Saturday, March 27, 2010

Ten Books

A blogger has certain responsibilities, including, inter alia, listing the top ten books that have influenced your view of the world. It would be perverse not to participate, but I will anyway because it's interesting, and because I don't want LarryNiven to come after me with a tire iron or pack my dryer's exhaust vent with pine cones and contact cement (it's a long story, one I haven't finished making up).

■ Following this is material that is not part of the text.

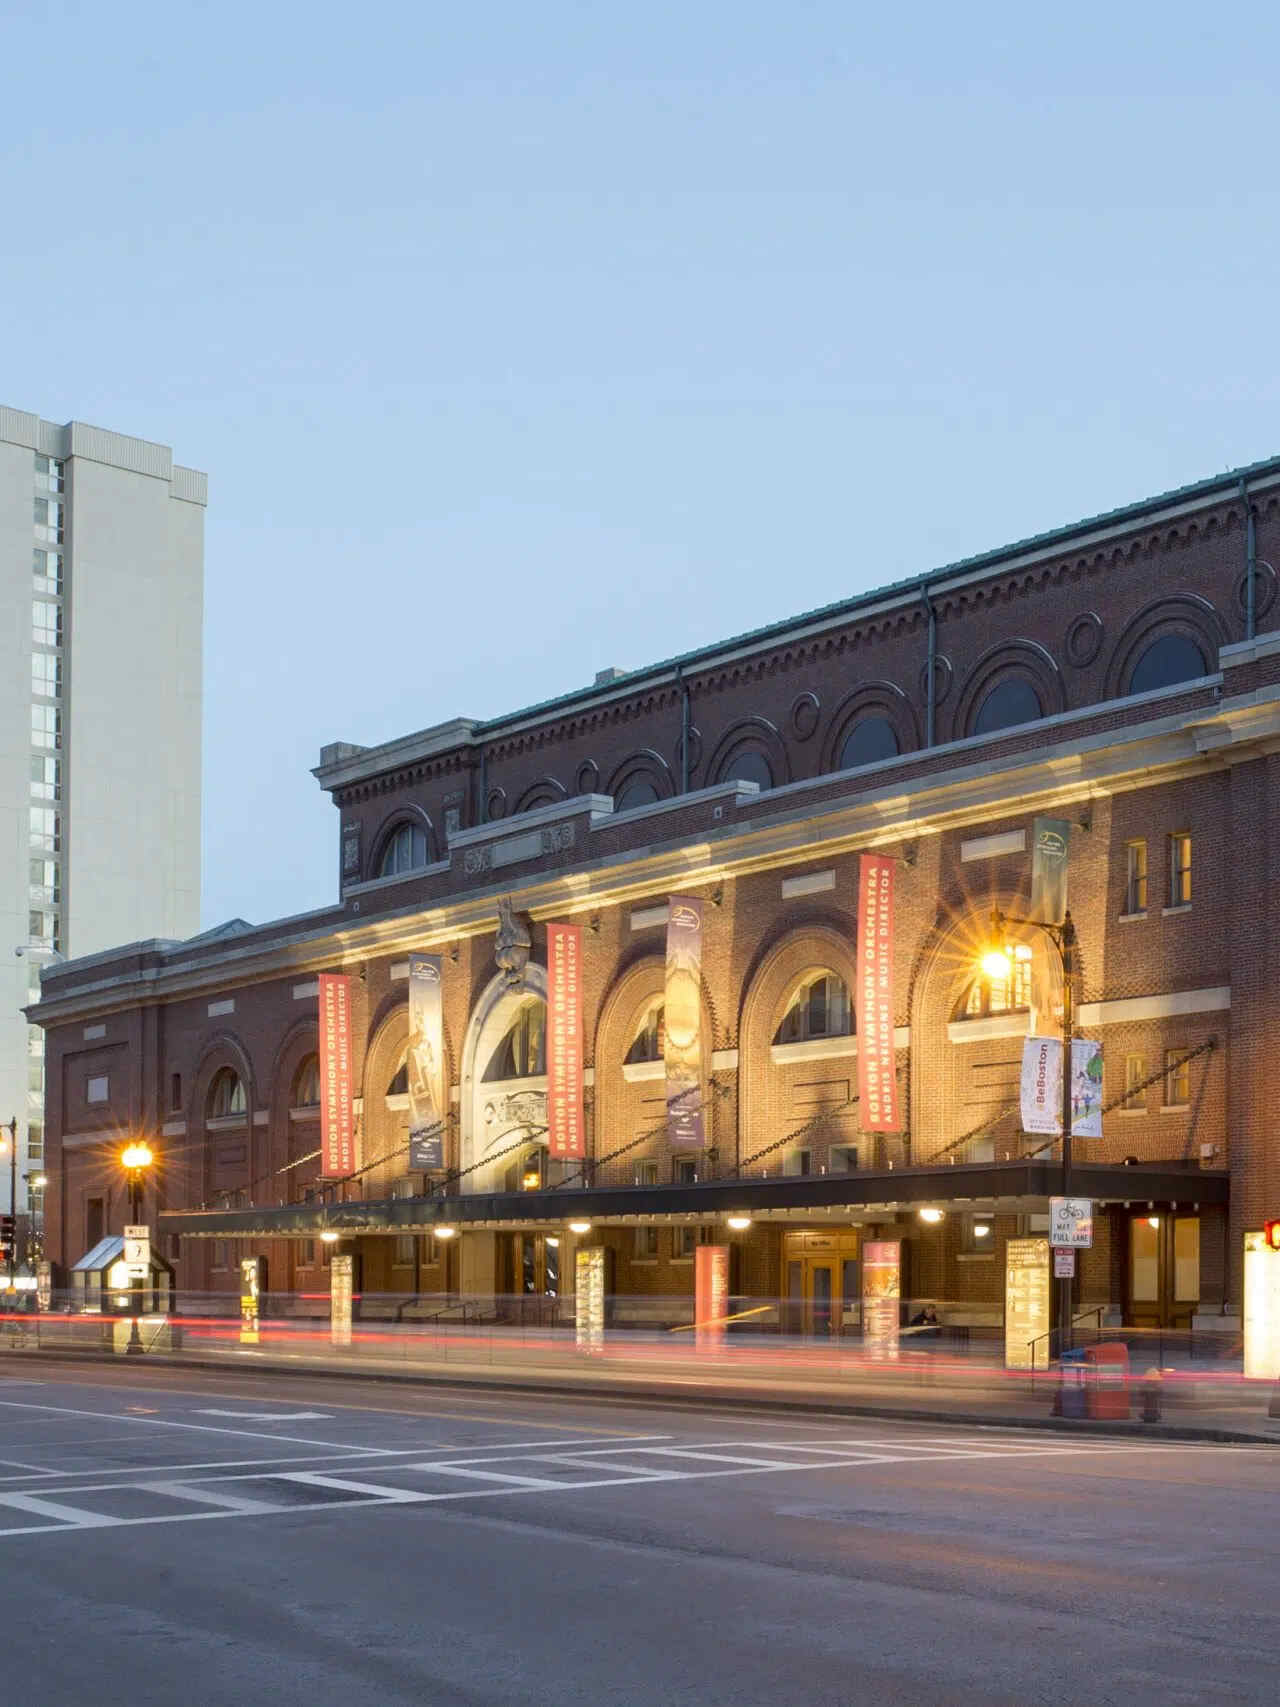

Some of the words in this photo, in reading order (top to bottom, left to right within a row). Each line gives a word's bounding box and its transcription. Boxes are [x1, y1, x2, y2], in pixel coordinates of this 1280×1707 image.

I list the ten in alphabetical order by author so as not to suggest any hierarchy or ranking. The presence of a book on this list is only to suggest that the book shaped how I see the world, not that I presently endorse anything in or about it:

  • Albert Camus, The Fall. With or without god, we will not escape judgment, if only our own.
  • Noam Chomsky & Edward Herman, Manufacturing Consent: The Political Economy of Mass Media. I don't know how many Chomsky speeches I've seen or heard in which he is introduced by quoting The Nation, "not to have read Chomsky is to court genuine ignorance." Maybe. Not to have read this book is to court genuine ignorance of how mass media function in modern societies.
  • Thomas Kuhn, The Structure of Scientific Revolutions. This was not the first philosophy book I ever read, but it's the first one that left me reeling: reeling in a good way, that is, in a way that forced me to step back and think about the foundations of knowledge.
  • Herman Melville, Moby Dick. After a few pages I had forgotten that this was one of those World Classics That All Must Suffer Through. From that moment on, I continue to look to this amazing, swerving, cosmos masquerading as a book as a prompt for reflection, ideas, novelty, and, it must be said, practical advice on whaling.
  • John Stuart Mill, On Liberty. Negative freedom formalized and defended.
  • Friedrich Nietzsche, Thus Spake Zarathustra. The ideas range from brilliant to unintelligible to laughable; the manner of expression, with its bombast, irony, and self-aware audacity, entered my head and never left.
  • Plato, Euthyphro / The Apology / Crito / The Cave Allegory from The Republic. I know, I know, but Plato wrote dialogues rather than books per se, and any anthologizing of them is a tad arbitrary. I first encountered these as a unified reading assignment, one years before I read Kuhn, which is an indirect way of saying they didn't initially strike me as special. First impressions can be very wrong! The questions he raised and how he dealt with them have a way of provoking and enduring long after the first encounter, as those first interlocutors were the first to discover.
  • Thomas Paine, The Age of Reason. Among the first skeptical books I read, this opened my eyes to what clear thinking and lucid expression can do with nonsense, and spiced that with the thrilling insight that America's canonical heroes can be more radical than they're often portrayed.
  • Carl Sagan, The Dragons of Eden. This was the first "serious" non-fiction book I remember reading, and its breadth and daring quite ruined me for any kind of specialization. I still think of it as a paragon of intellectual curiosity and a model of science popularization.
  • William Shakespeare, Romeo and Juliet. This was the first Shakespeare I read and it surpassed the hype. Starting with Act 1 of that play, I have understood Shakespeare as the writer to consult to see the possibilities of the English language.


Samuel John Klein Portlandiensis said...

I just wondered … is our LarryNiven that Larry Niven, or a clone?

larryniven said...

Aha! I knew you wouldn't be able to resist the lure of the meme, Dale. Well, that or the threats.

Anyway - Sam, I am neither a famous science fiction author nor (so far as I know) a clone thereof. This screenname is an oblique reference to Magic: The Gathering, from back in the days when screennames were all oblique references. I may have to change it one day but for now I still like the (relative) anonymity of writing through an alternate identity.